Exploring everyday life dynamics in meat reduction - A cluster analysis of flexitarians in Denmark
Professor Bente Halkier has, together with Thomas Bøker Lund published the article "Exploring everyday life dynamics in meat reduction – a cluster analysis of flexitarians in Denmark" in the journal "Appetite".
Flexitarians are attracting increasing attention in the research on meat reduction. But there has been limited focus on comprehensive understandings of a broader range of dynamics that can work as barriers and facilitators for meat reduction.
In this article, the authors use social practice theory (SPT) as a comprehensive approach to barriers and facilitators in meat reduction in everyday life. They present an analysis of data from a representative Danish cross-sectional survey. The article show, first, that Danish flexitarians can be divided into four distinct clusters in accordance with combinations of everyday facilitators and barriers.
Second, they show that the prevalence of these classes varies considerably depending on how long people have been flexitarians.

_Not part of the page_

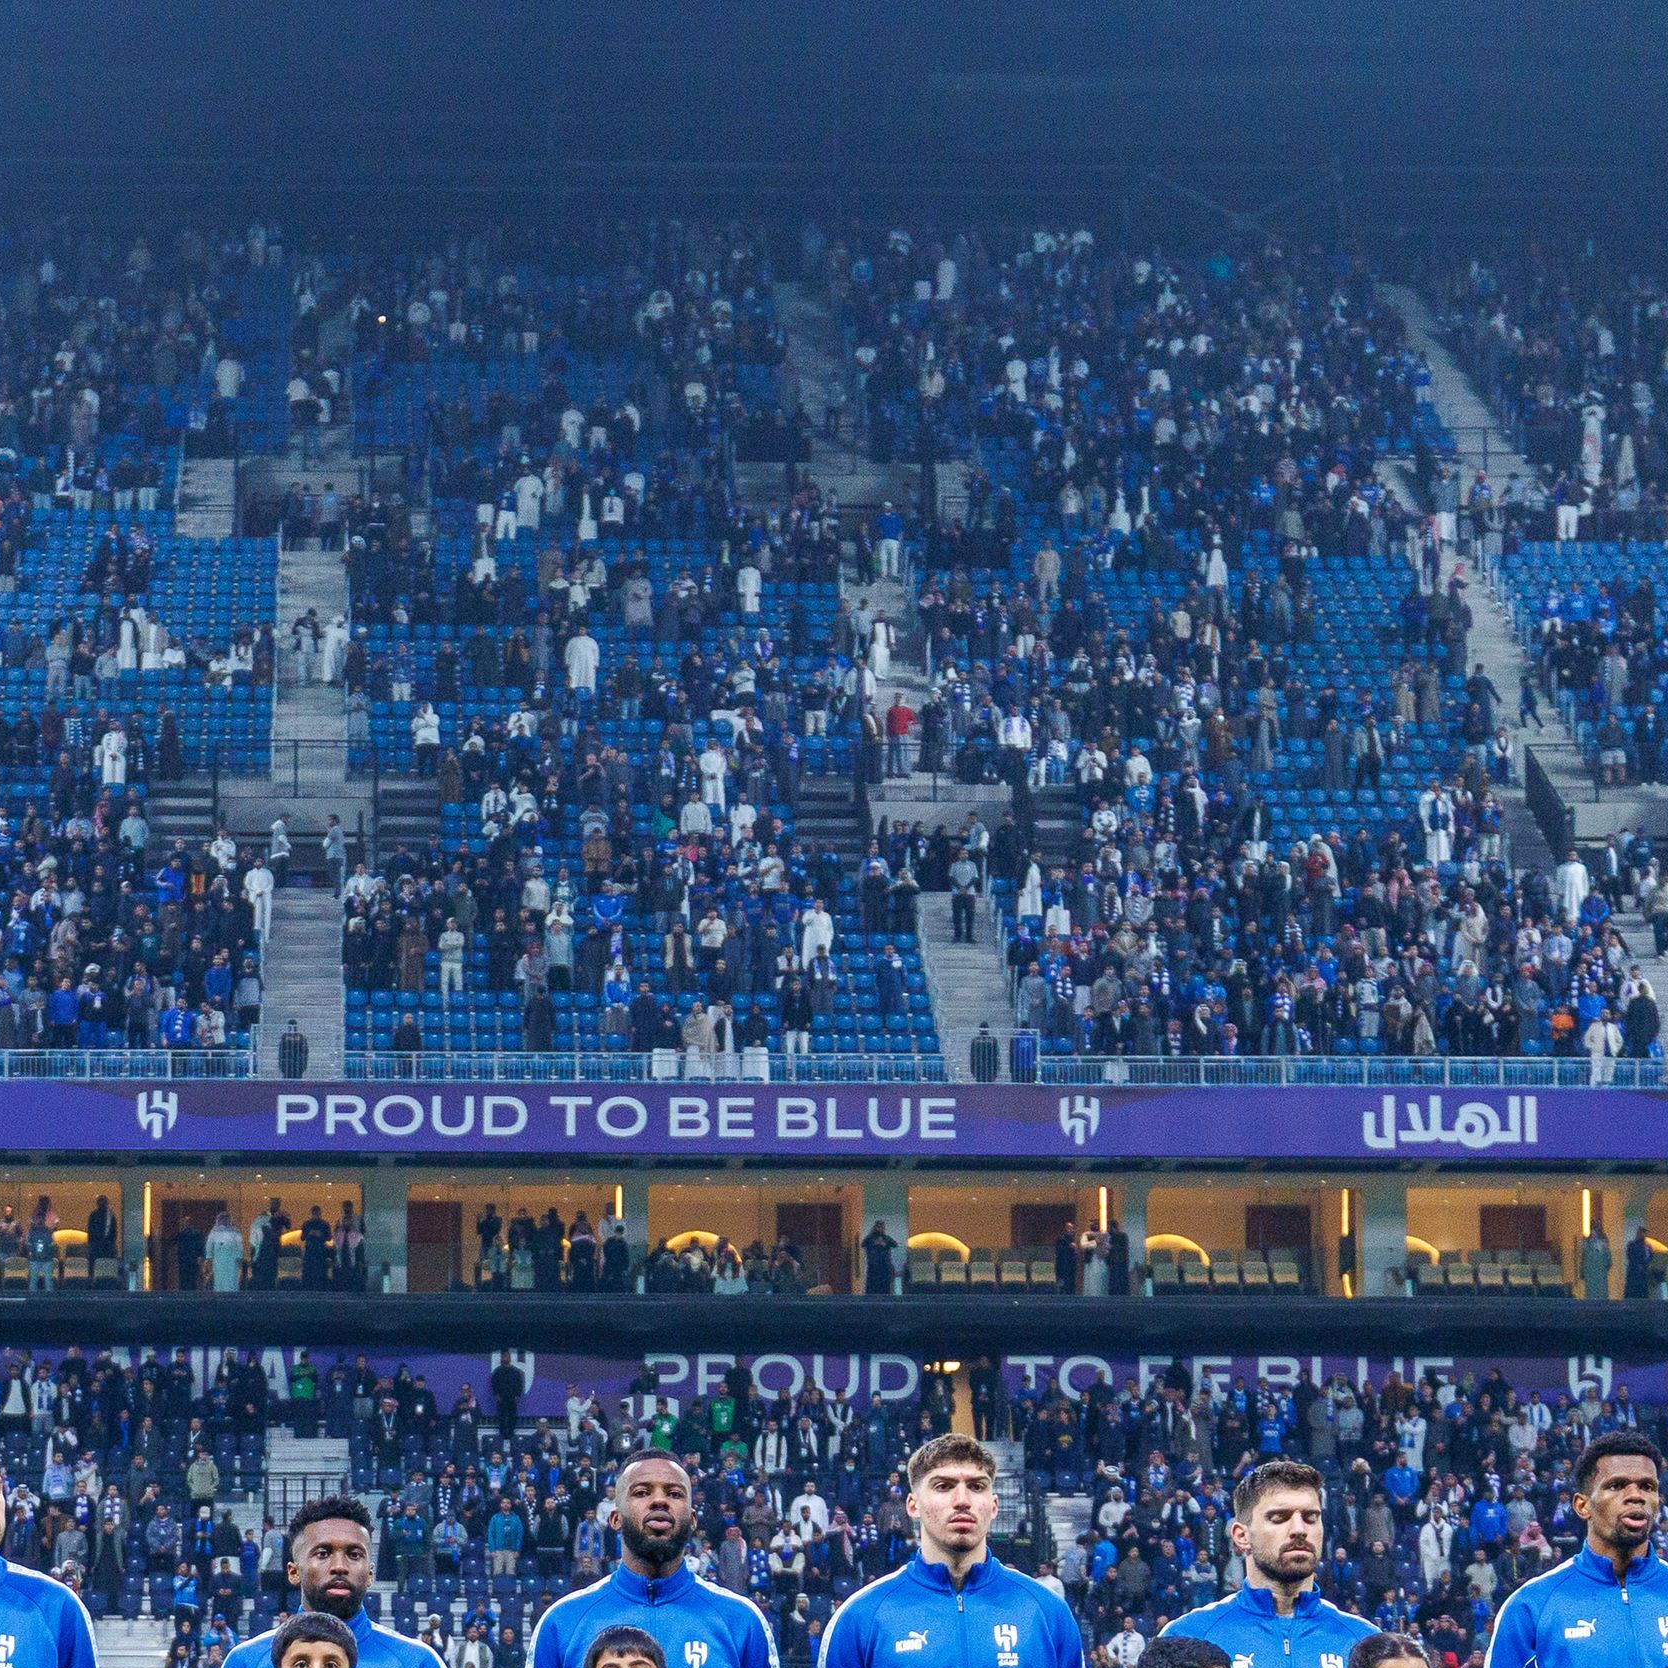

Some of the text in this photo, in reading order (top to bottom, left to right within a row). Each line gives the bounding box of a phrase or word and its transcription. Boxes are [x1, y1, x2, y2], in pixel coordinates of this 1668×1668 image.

[275, 1093, 959, 1141] PROUD TO BE BLUE
[1361, 1093, 1540, 1150] الهلال

They argue that the patterns in this variation indicate that over time people transition to other classes where barriers
to plant-rich eating become less significant, and routinization emerges in different ways.
Finally, third, the authors show that flexitarians do report eating less meat than consumers who label themselves as eating meat with no restrictions. They also highlight that the difference is relatively modest. Indeed, meat intake is still quite common even in classes where routinization is highest. Throughout the paper, similarities and differences between the SPT framework and another recent framework, the COM-B model, that also provides a comprehensive approach to the understanding of behavioural change are discussed.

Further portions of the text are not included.